The author, Aidan Bond, reconnects with his former teacher, Angela Burke. Photo by Joshua Huston

They walked for me

A former special education student speaks out about staff who made all the difference

I am 24 years old, a hard worker, and an instant friend to most people I meet. I love music, art, food, cars, Pitbulls, and nature. I’m tall with long hair, a well-kept beard, and a wardrobe full of black band T-shirts and skinny jeans plus two silver rings – one a very cool dragon.

I am also on the autism spectrum. I’m a young adult with Asperger’s trying to make it in a world that is sometimes less than welcoming to neurodivergent individuals. I am doing pretty well. 

Fair pay

Without question, I owe much of the success I’ve had in overcoming many of autism’s challenges to the special education teachers and paraeducators who guided me all through school — never once giving up on me. That’s why we should not give up on them by paying them less than they deserve or increasing the number of kids in their classrooms. Currently, paraeducators (paras) in Seattle earn $19 an hour, just $4 above minimum wage and $3 less than I make driving a delivery truck. That seems crazy to me and it should to you, too. 

Keep class size limits

Limiting class size allows teachers and their aides to give kids with disabilities the one-on-one attention they need. I fear that enlarging special education classrooms will subject kids to a kind of chaos that will not only scare them, but will make it difficult to learn and grow. Both of these issues – pay and class size – were central concerns in the Seattle teachers’ strike last September. During the 2023 session of the state Legislature that ended last month, they kept fighting for kids. I stand with them.
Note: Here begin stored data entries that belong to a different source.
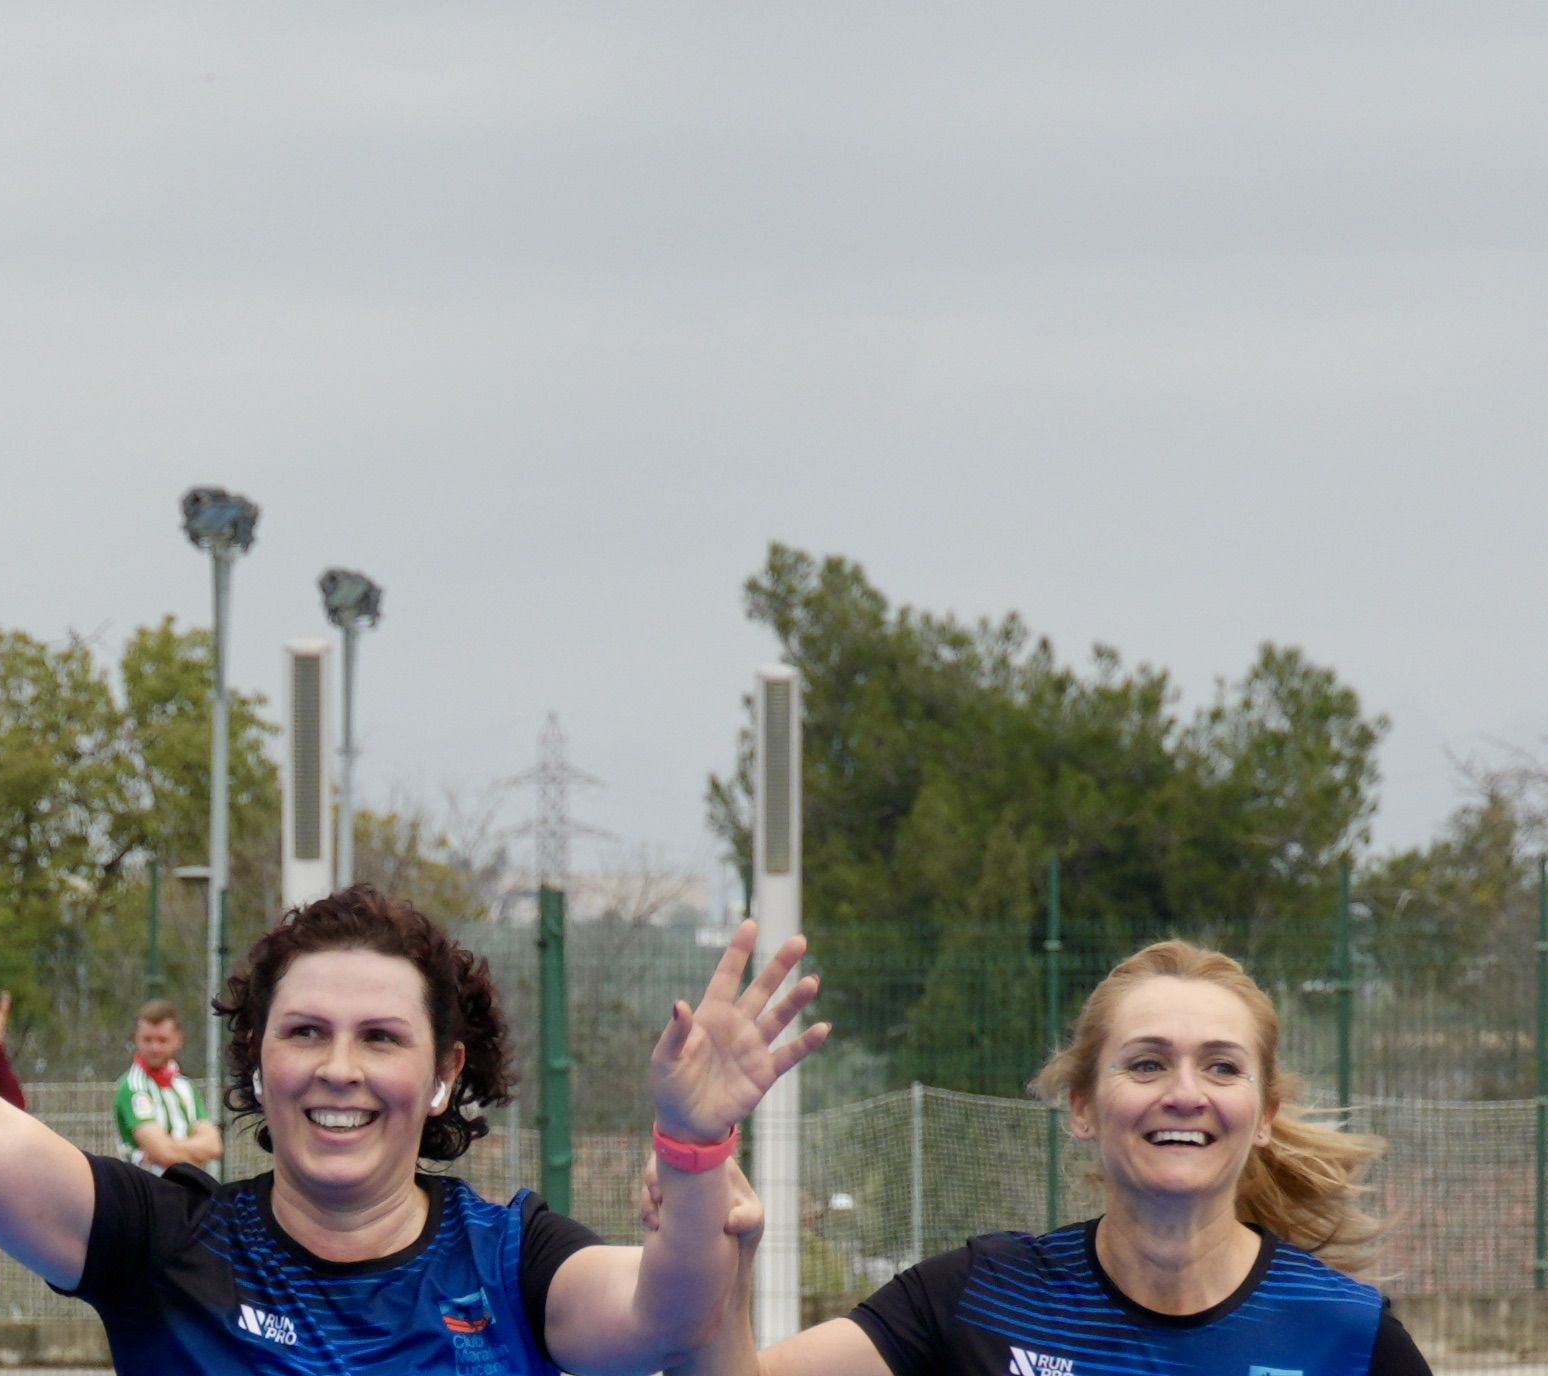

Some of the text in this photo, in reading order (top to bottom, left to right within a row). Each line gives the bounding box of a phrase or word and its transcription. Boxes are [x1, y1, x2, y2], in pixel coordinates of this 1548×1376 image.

[266, 1313, 295, 1331] RUN
[264, 1326, 298, 1346] PRO
[1037, 1355, 1074, 1372] RUN
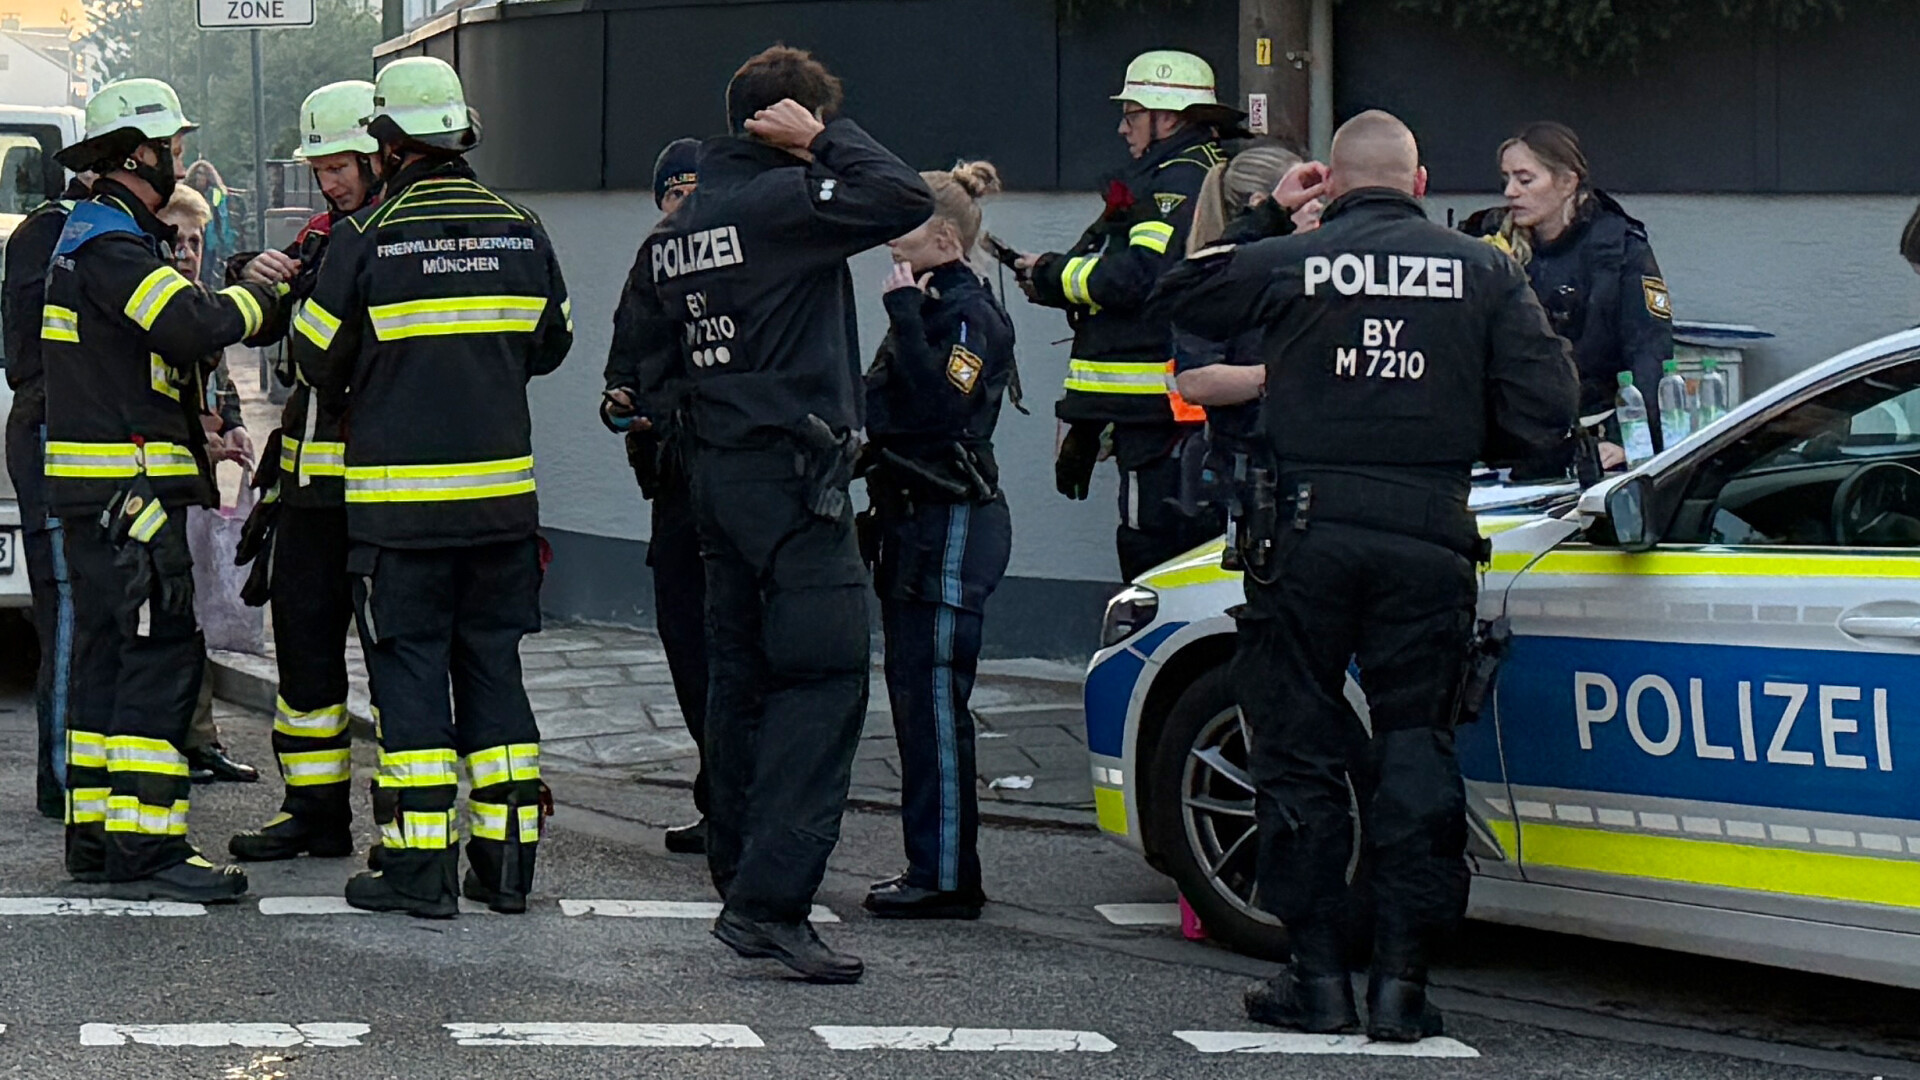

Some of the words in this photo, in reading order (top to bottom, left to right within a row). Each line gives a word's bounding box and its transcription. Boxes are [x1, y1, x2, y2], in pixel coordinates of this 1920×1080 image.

[227, 1, 284, 19] ZONE
[422, 255, 500, 275] MÜNCHEN
[651, 225, 744, 283] POLIZEI
[1304, 253, 1463, 299] POLIZEI
[686, 291, 707, 318] BY
[1363, 318, 1405, 348] BY
[1335, 347, 1358, 377] M
[1365, 349, 1425, 380] 7210
[1574, 671, 1894, 772] POLIZEI
Their dedication makes a difference

I used to be ashamed of my autism. Today, however, I am proud of who I am and of being part of a group of people who are thriving despite a way of thinking and being that sets us apart. Looking back, I believe the compassion, patience, dedication, and skill of the teachers, specialists, and aides in my self-contained special needs classrooms – and available to me in different ways as I transitioned to mainstream classes in middle and high school – were critical to my transition from low- to high-functioning autism. 

One special teacher can change a life

The trajectory of my education and my life changed with one very special teacher: Angela Burke. After a particularly hard year with a less experienced teacher, Mrs. Burke saw my strengths and my potential. She advocated for moving me into mainstream classes, with support. I started to shine. I believe this is the most important thing we pay special education teachers and paraeducators to do: to see potential in students with disabilities and help them expand beyond what they see in themselves. I am grateful to Mrs. Burke for treating my autism as a single factor in who I am, not the whole, and not a burden. 

I recently had the opportunity to catch up with Mrs. Burke, a 25-year special education veteran, who now works in the Edmonds School District. Here’s a bit of our conversation: 

Me: Should special education students be integrated into mainstream classrooms?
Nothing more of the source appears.